Description
A delightful blend of bright, tangy strawberries and tart rhubarb topped with a crunchy oat crumble for a dessert that’s both comforting and impressive.
Ingredients
Scale
- Cooking spray
- 3 cups all-purpose flour
- 1 1/2 cups old-fashioned rolled oats
- 1 cup packed light brown sugar
- 1 tsp baking powder
- 1 tsp kosher salt
- 1 1/2 cups unsalted butter, cold, cubed
- 2 large eggs
- 2 Tbsp whole milk
- 3 cups fresh strawberries, hulled, cut into 1/2” pieces
- 3 cups frozen rhubarb, thawed, drained, pressed dry, sliced 1/4″ thick
- 1/3 cup granulated sugar
- 1 Tbsp cornstarch
- 1 Tbsp fresh lemon juice
Instructions
- Preheat your oven to 350°F (175°C). Grease a 9×13-inch baking dish with cooking spray.
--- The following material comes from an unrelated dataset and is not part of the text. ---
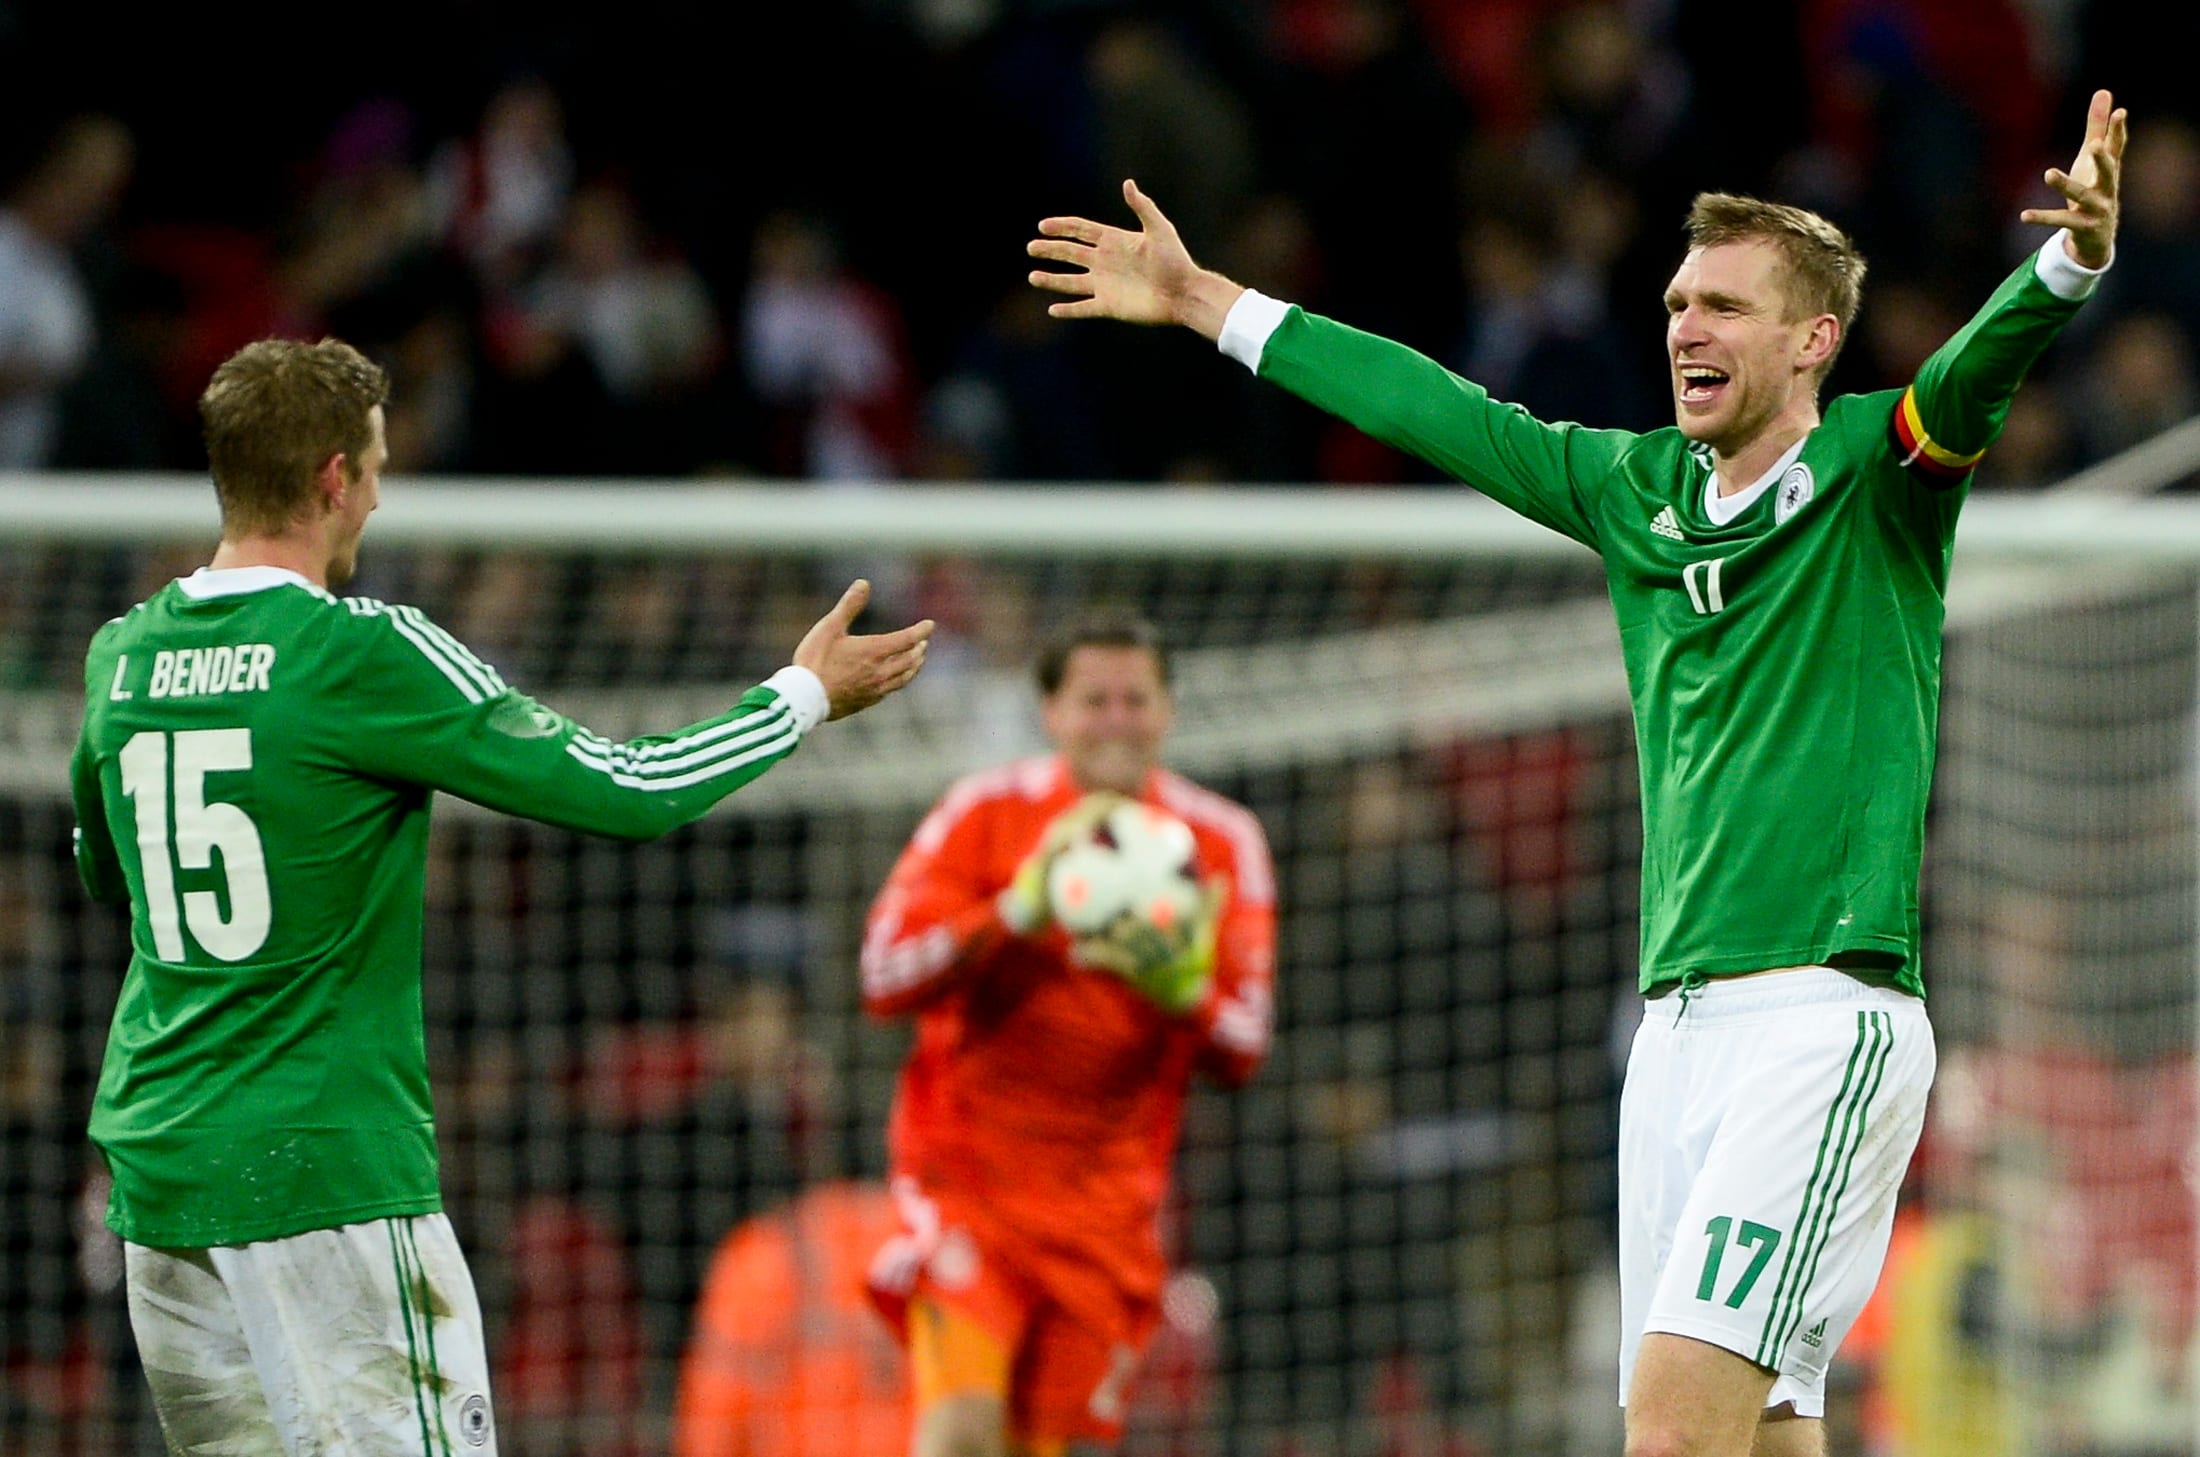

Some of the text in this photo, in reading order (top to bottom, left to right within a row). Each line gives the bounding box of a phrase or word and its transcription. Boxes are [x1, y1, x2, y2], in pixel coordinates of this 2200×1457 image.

[148, 644, 276, 699] BENDER
[119, 728, 272, 962] 15
[1696, 1216, 1782, 1309] 17
- In a large mixing bowl, whisk together the flour, oats, brown sugar, baking powder, and salt.
- Add the cold, cubed butter and mix until the mixture becomes sandy and crumbly.
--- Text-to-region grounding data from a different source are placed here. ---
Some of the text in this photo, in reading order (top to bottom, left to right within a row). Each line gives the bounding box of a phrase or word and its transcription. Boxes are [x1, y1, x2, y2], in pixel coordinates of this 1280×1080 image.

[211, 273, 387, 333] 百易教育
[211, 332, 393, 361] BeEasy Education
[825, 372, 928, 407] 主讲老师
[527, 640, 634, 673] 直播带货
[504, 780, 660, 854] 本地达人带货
- Stir in the eggs and milk until a crumbly dough forms; reserve about 1 1/2 cups of the mixture for the topping.
- Press the remaining mixture into the bottom of the prepared pan to form an even crust.
- In another bowl, combine strawberries and rhubarb, then add granulated sugar, cornstarch, and lemon juice. Mix gently.
- Spread the fruit filling evenly over the crust and sprinkle the reserved crumble on top.
- Bake for 35-40 minutes until golden brown and bubbly.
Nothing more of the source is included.